According to the Leichtman Research Group, the average pay-TV subscription service cost $99.10 a month in 2015, up 39 percent from 2010. Meanwhile, if The NPD Group is right, you may be on track to spend more than $200 a month for the privilege of watching television in 2020.

If that sounds outrageous to you, it’s time to cut your cable bill. And while you’re at it, slash other monthly expenses from your budget as well. In fact, a little bill trimming could put an extra $1,000 in your pocket this year. Here’s how.

Cable or satellite TV

Let’s start with the big one: your television service. Now, I know paying to watch TV seems to be the American way. After all, the Leichtman Research Group found 83 percent of all households pay for some form of TV service.

So I get it if you think pulling the plug is a bit radical. But it is also smart. If you have an HDTV and a roof antenna, you can get free over-the-air channels with a picture quality that puts standard-definition cable TV to shame.

In addition, if you have a newer TV, Blu-Ray player or gaming system and a high-speed Internet connection, you can use these streaming services for a fraction of the price:

There may be a slight delay in watching new shows, but ask yourself whether it is really worth $1,200 a year just so you can be in the know for the office water cooler conversation?

If you are ready to cut the cable, you will be in great company. See: TV Viewers Cutting the Cord in Big Numbers.

And for more information, check out:

Internet

Next to television, Internet is the other big monthly expense for many families.

If you are a basic Internet user and simply need service to check your email and Facebook, you may want to check out the ultra-cheap Internet available through FreedomPop and NetZero.

With Freedom Pop, you can get up to 500MB of free wireless service each month at 3G and 4G speeds, while NetZero offers a paid DSL hook-up. Both have pricing plans that vary depending on your location, but they have historically been only a fraction of what you’d pay other providers.

For more, check out this popular post: You Can Now Get Free Internet at Home and Away.

If you have a tiered data plan with Verizon Wireless, you can use your phone as a tethered hot spot for free. The company settled a complaint with the FCC in 2012 and agreed not to charge these customers for hot-spot access. Depending on your plan, you might need to download a third-party app first.

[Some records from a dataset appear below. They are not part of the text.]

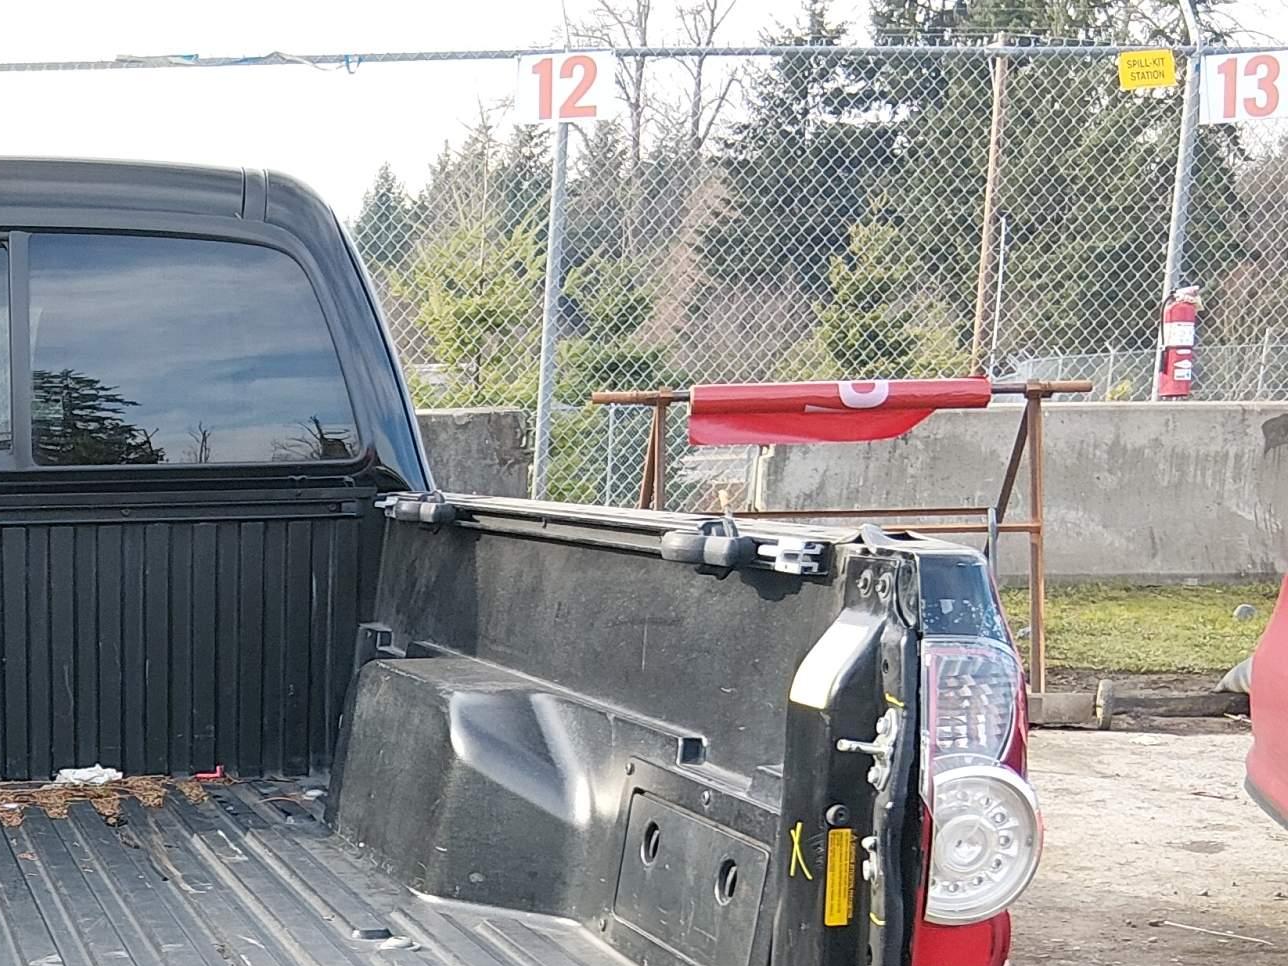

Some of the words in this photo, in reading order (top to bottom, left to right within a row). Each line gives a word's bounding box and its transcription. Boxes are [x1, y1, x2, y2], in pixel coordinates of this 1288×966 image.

[1126, 57, 1165, 69] SPILL-KIT
[1130, 70, 1165, 81] STATION
[531, 55, 598, 120] 12
[1217, 54, 1281, 118] 13
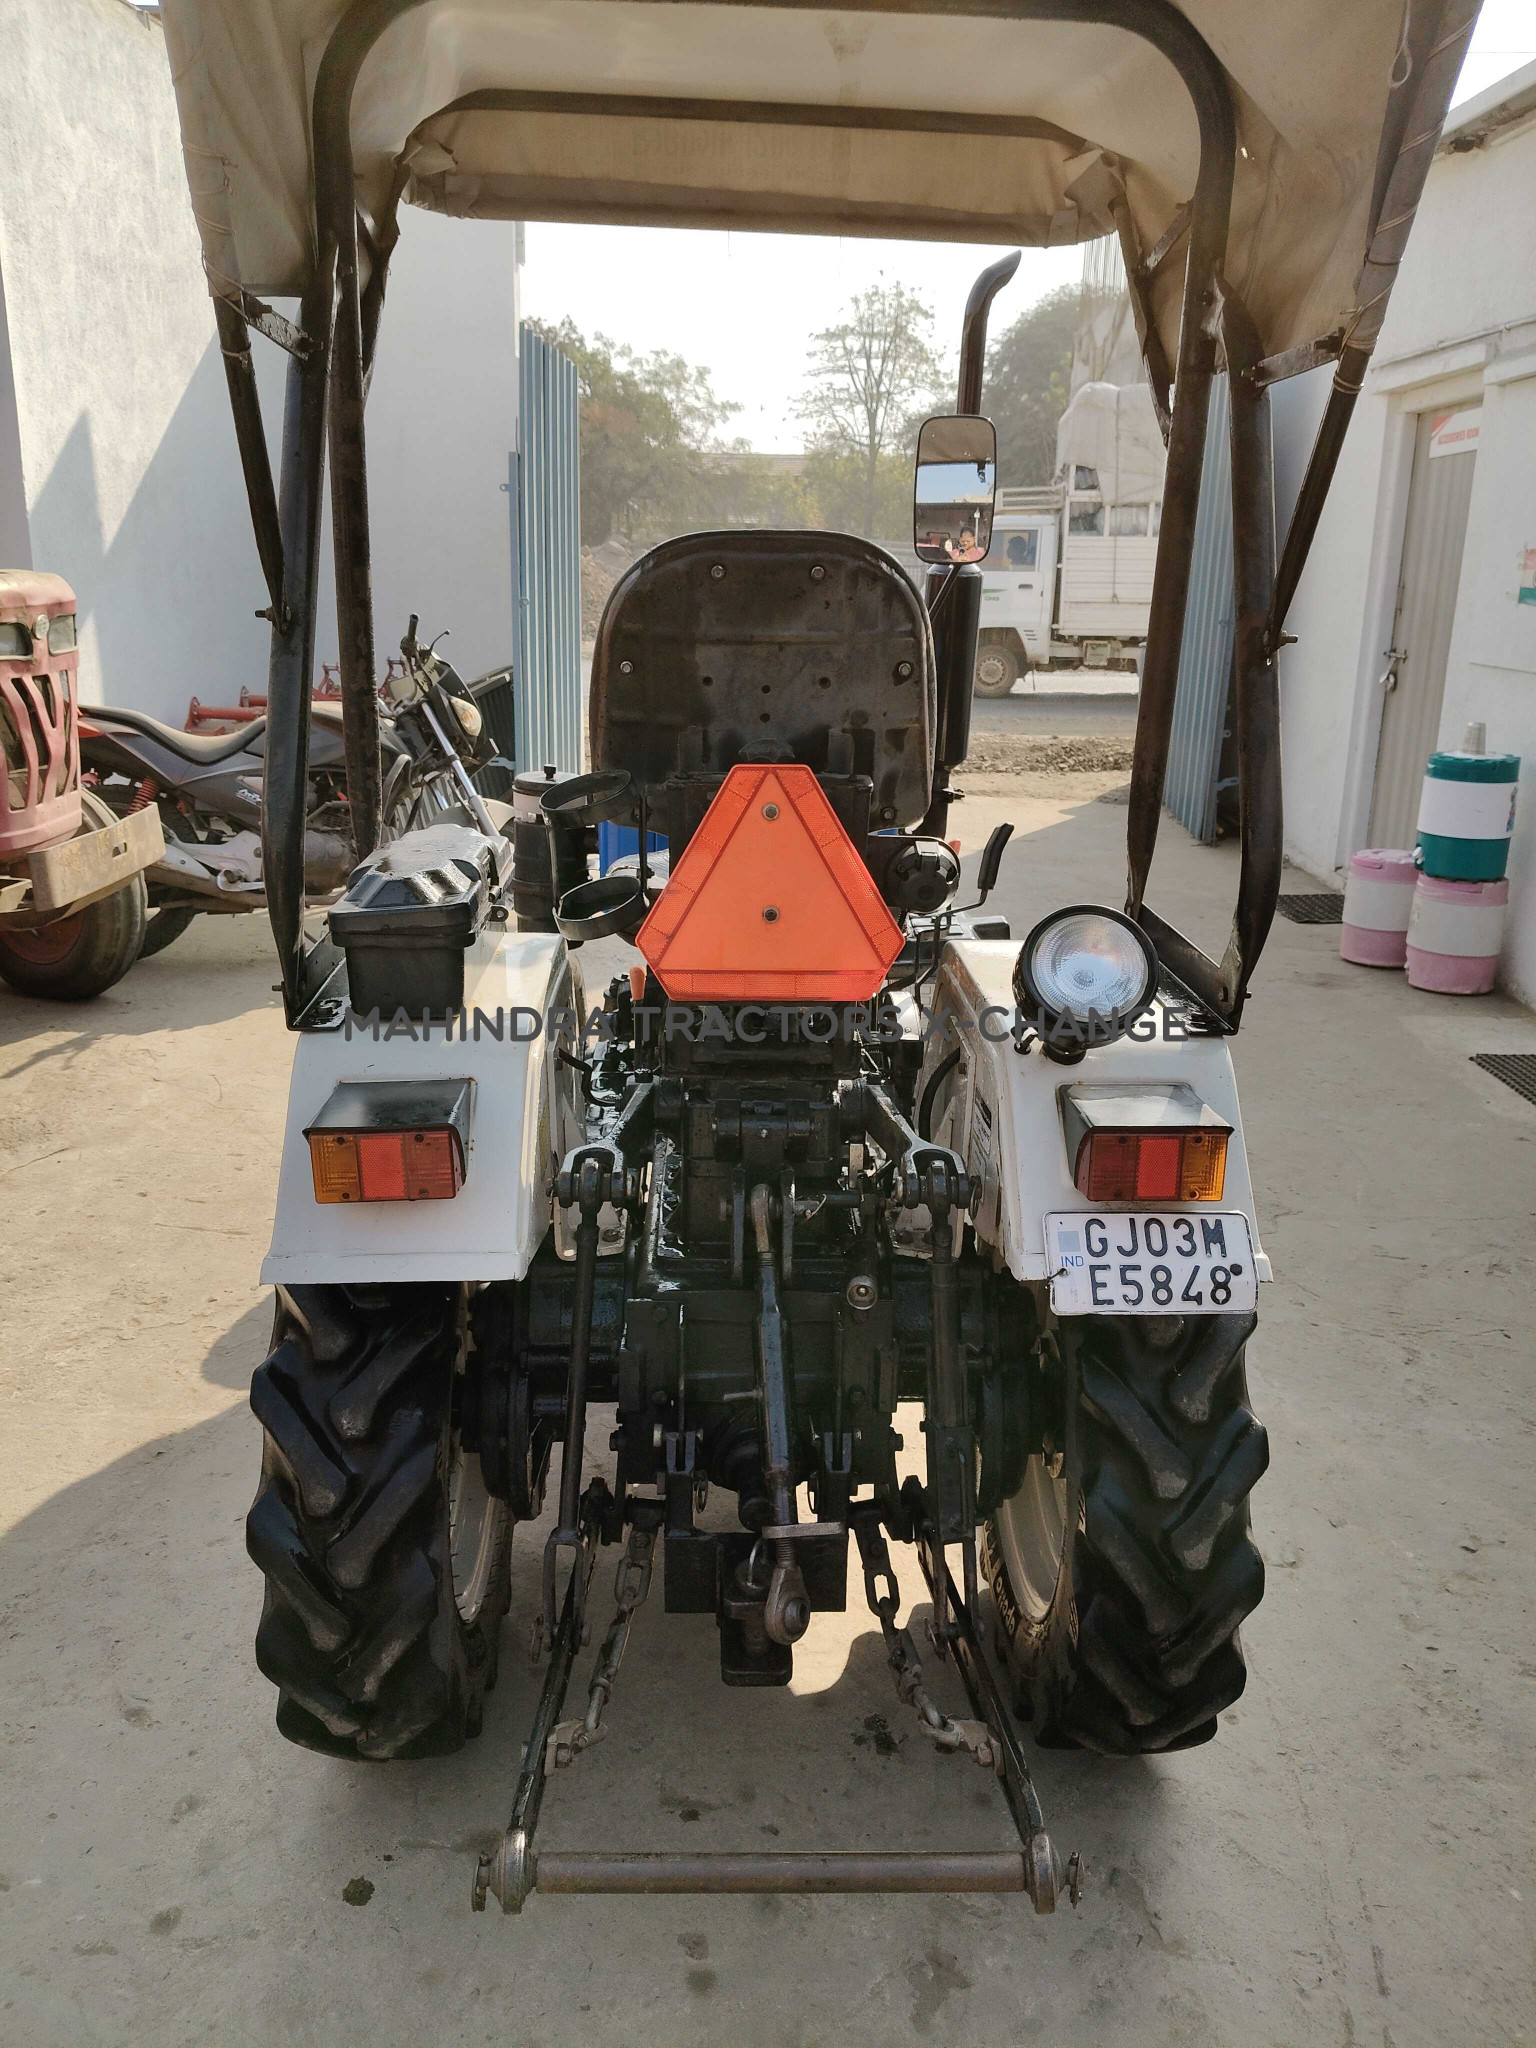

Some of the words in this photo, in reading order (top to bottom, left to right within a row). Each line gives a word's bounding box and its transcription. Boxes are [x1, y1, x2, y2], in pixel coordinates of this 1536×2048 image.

[1085, 1218, 1227, 1257] GJ03M
[1061, 1256, 1084, 1267] IND
[1089, 1265, 1232, 1305] E5848
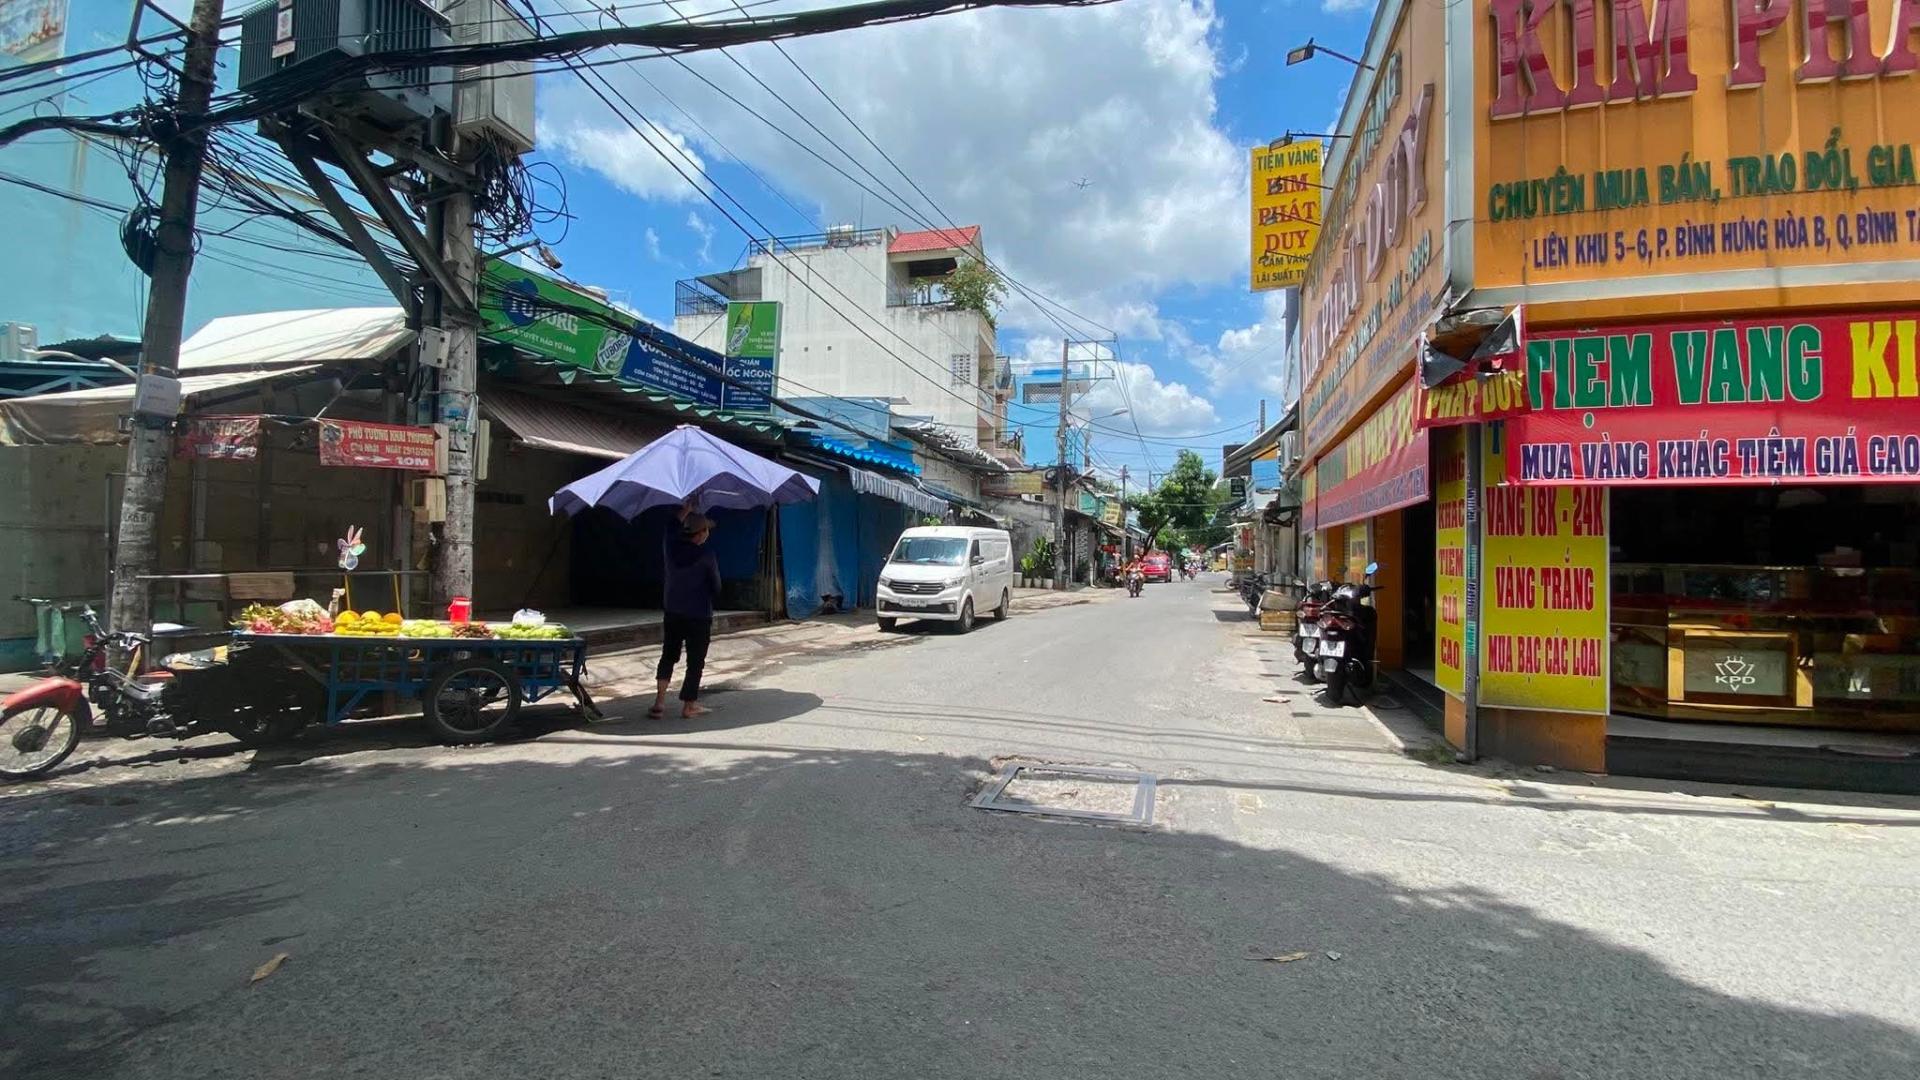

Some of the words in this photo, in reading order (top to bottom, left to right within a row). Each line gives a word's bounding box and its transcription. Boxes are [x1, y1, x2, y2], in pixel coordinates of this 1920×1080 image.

[1491, 0, 1698, 120] KIM
[1257, 153, 1285, 173] TIỆM
[1288, 147, 1318, 167] VÀNG
[1266, 173, 1309, 196] KIM
[1365, 83, 1435, 283] DUY
[1488, 165, 1585, 223] CHUYÊN
[1594, 167, 1649, 210] MUA
[1658, 151, 1720, 207] BÁN,
[1728, 152, 1797, 197] TRAO
[1867, 143, 1916, 186] GIA
[1258, 198, 1317, 226] PHÁT
[1265, 229, 1309, 252] DUY
[1534, 231, 1569, 268] LIÊN
[1576, 231, 1609, 265] KHU
[1615, 228, 1653, 267] 5-6,
[1657, 228, 1671, 258] P.
[1676, 219, 1716, 257] BÌNH
[1775, 210, 1809, 250] HÒA
[1814, 215, 1831, 254] B,
[1836, 213, 1853, 250] Q.
[1857, 206, 1898, 245] BÌNH
[1906, 208, 1920, 243] T
[1272, 267, 1294, 282] SUẤT
[743, 370, 771, 379] NGON
[1520, 442, 1574, 481] MUA
[1580, 432, 1649, 481] VÀNG
[1656, 429, 1730, 479] KHÁC
[1814, 426, 1859, 477] GIÁ
[1867, 434, 1920, 476] CAO
[1531, 486, 1557, 537] 18K
[1573, 486, 1604, 537] 24K
[1495, 555, 1536, 609] VÀNG
[1541, 547, 1594, 611] TRẮNG
[1440, 636, 1460, 670] CAO
[1488, 635, 1513, 673] MUA
[1518, 636, 1541, 683] BẠC
[1545, 627, 1568, 676] CÁC
[1715, 675, 1755, 685] KPD
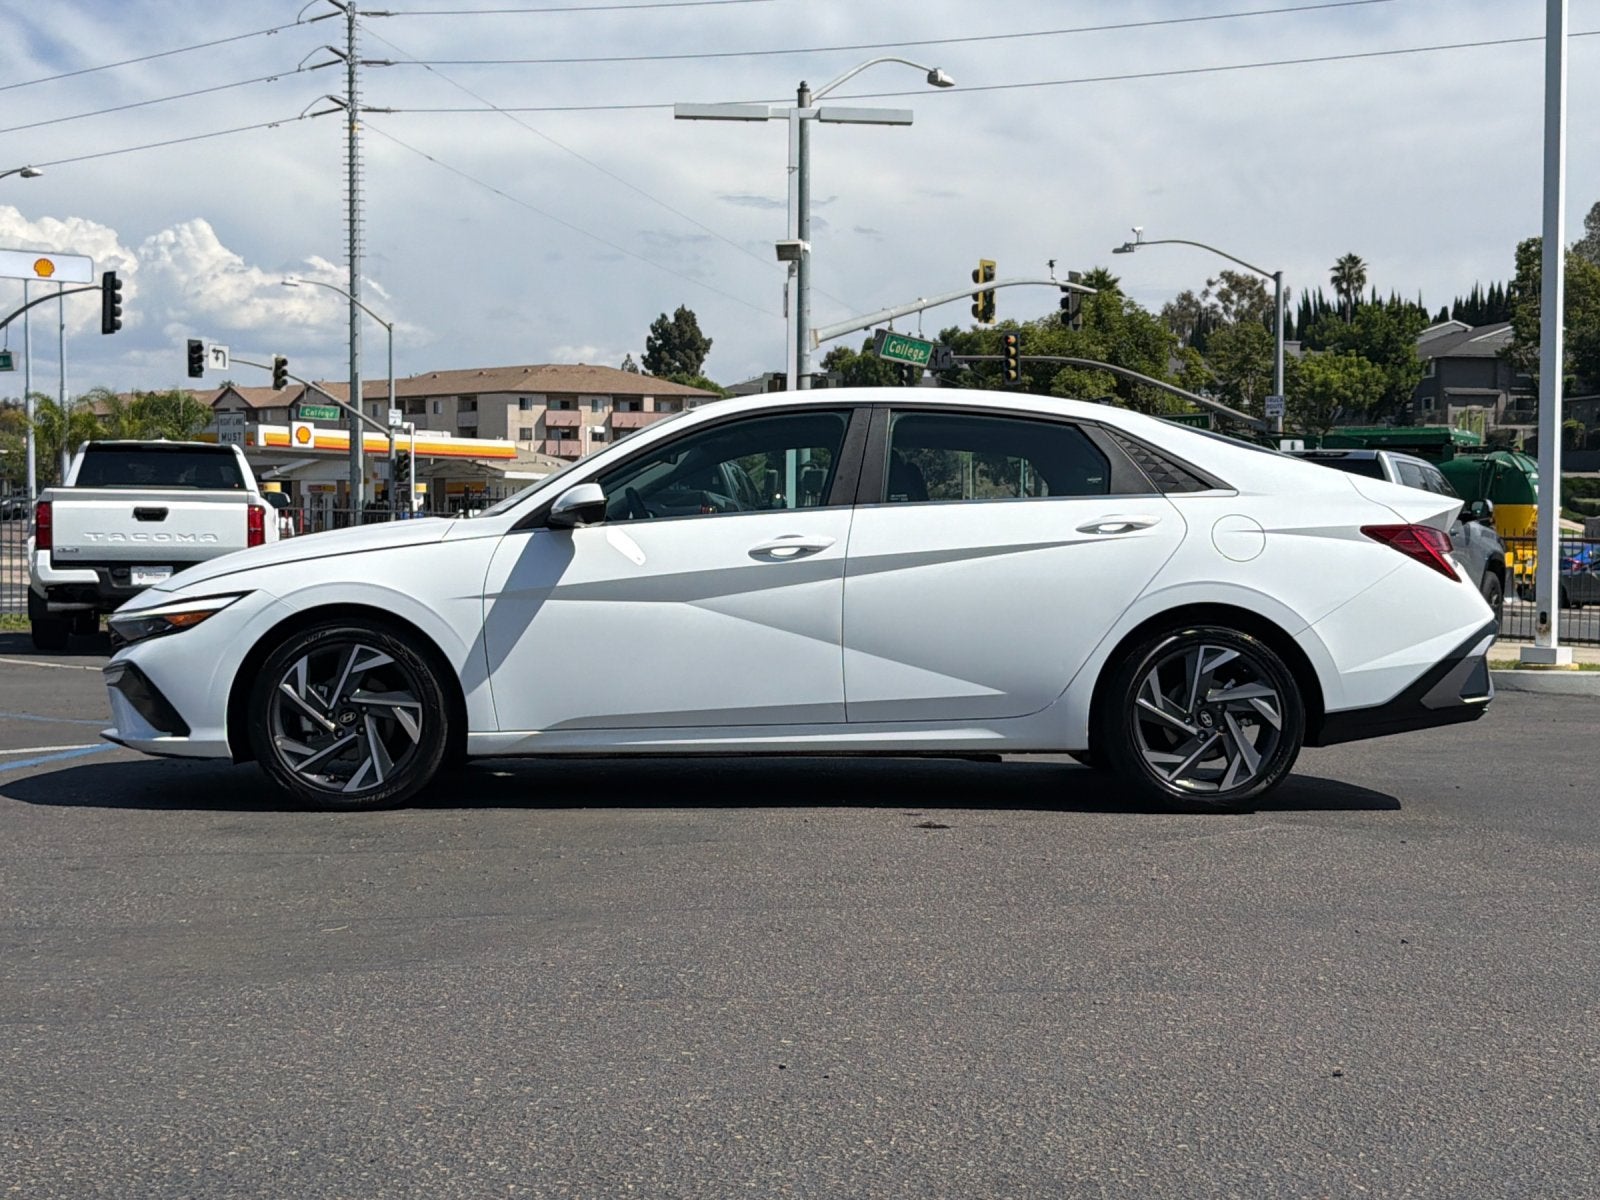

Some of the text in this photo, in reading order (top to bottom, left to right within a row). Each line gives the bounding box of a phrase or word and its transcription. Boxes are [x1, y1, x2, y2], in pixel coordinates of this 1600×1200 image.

[889, 340, 925, 361] College
[305, 408, 334, 418] College
[221, 431, 242, 441] MUST
[83, 531, 218, 543] TACOMA

If you are grandfathered into Verizon’s old unlimited data plan, you’re out of luck with the free hot-spot service. However, you can pay $30 a month for 4 gigabytes of hot spot access, and that may be cheaper than what you are currently paying for DSL or cable. Other mobile carriers offer their own hot-spot plans as well.

Finally, if your kids qualify for the National School Lunch Program, you can get $9.95 Internet access through Comcast’s Internet Essentials. The company is also piloting cheap Internet programs for Pell Grant recipients enrolled in eligible community colleges as well as those age 62 or older who receive public assistance and live in Boston, San Francisco County or Palm Beach County, Florida.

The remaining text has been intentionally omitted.